The records

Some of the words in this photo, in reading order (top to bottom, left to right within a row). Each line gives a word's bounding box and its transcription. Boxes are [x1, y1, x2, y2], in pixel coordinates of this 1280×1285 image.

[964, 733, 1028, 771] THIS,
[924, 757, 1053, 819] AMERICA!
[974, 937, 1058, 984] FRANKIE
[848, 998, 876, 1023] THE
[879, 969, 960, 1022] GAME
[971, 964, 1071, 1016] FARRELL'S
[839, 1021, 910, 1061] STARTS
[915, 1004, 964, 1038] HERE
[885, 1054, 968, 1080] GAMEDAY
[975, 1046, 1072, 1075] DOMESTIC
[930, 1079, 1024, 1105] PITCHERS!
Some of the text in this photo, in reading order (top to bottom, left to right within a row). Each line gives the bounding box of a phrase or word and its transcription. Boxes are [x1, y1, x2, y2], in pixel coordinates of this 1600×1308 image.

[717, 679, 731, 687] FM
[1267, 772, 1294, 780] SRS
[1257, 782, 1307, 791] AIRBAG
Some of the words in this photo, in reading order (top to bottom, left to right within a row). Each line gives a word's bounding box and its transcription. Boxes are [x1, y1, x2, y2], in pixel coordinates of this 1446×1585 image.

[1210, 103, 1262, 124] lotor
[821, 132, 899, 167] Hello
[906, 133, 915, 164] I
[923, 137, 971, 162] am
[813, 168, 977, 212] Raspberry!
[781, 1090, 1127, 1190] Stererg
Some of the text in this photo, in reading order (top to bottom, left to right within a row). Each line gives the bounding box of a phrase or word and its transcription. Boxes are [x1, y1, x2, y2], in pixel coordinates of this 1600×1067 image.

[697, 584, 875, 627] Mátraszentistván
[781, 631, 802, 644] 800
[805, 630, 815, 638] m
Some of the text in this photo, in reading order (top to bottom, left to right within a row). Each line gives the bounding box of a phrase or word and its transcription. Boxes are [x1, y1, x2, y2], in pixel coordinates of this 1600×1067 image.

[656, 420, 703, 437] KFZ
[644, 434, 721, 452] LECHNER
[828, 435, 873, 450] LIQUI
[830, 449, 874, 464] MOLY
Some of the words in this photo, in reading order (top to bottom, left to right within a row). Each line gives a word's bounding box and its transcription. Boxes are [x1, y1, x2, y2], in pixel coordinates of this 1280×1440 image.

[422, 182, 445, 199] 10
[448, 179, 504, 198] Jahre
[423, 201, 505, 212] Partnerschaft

Problem description
Everything in the data above should be output exactly as it stands.

Answer box
Some of the words in this photo, in reading order (top to bottom, left to right within a row). Each line gives a word's bounding box and its transcription. Boxes are [x1, y1, x2, y2], in pixel coordinates of this 1280×1285 image.

[964, 733, 1028, 771] THIS,
[924, 757, 1053, 819] AMERICA!
[974, 937, 1058, 984] FRANKIE
[848, 998, 876, 1023] THE
[879, 969, 960, 1022] GAME
[971, 964, 1071, 1016] FARRELL'S
[839, 1021, 910, 1061] STARTS
[915, 1004, 964, 1038] HERE
[885, 1054, 968, 1080] GAMEDAY
[975, 1046, 1072, 1075] DOMESTIC
[930, 1079, 1024, 1105] PITCHERS!
Some of the text in this photo, in reading order (top to bottom, left to right within a row). Each line gives the bounding box of a phrase or word and its transcription. Boxes are [x1, y1, x2, y2], in pixel coordinates of this 1600×1308 image.

[717, 679, 731, 687] FM
[1267, 772, 1294, 780] SRS
[1257, 782, 1307, 791] AIRBAG
Some of the words in this photo, in reading order (top to bottom, left to right within a row). Each line gives a word's bounding box and its transcription. Boxes are [x1, y1, x2, y2], in pixel coordinates of this 1446×1585 image.

[1210, 103, 1262, 124] lotor
[821, 132, 899, 167] Hello
[906, 133, 915, 164] I
[923, 137, 971, 162] am
[813, 168, 977, 212] Raspberry!
[781, 1090, 1127, 1190] Stererg
Some of the text in this photo, in reading order (top to bottom, left to right within a row). Each line gives the bounding box of a phrase or word and its transcription. Boxes are [x1, y1, x2, y2], in pixel coordinates of this 1600×1067 image.

[697, 584, 875, 627] Mátraszentistván
[781, 631, 802, 644] 800
[805, 630, 815, 638] m
Some of the text in this photo, in reading order (top to bottom, left to right within a row). Each line gives the bounding box of a phrase or word and its transcription. Boxes are [x1, y1, x2, y2], in pixel coordinates of this 1600×1067 image.

[656, 420, 703, 437] KFZ
[644, 434, 721, 452] LECHNER
[828, 435, 873, 450] LIQUI
[830, 449, 874, 464] MOLY
Some of the words in this photo, in reading order (top to bottom, left to right within a row). Each line gives a word's bounding box and its transcription. Boxes are [x1, y1, x2, y2], in pixel coordinates of this 1280×1440 image.

[422, 182, 445, 199] 10
[448, 179, 504, 198] Jahre
[423, 201, 505, 212] Partnerschaft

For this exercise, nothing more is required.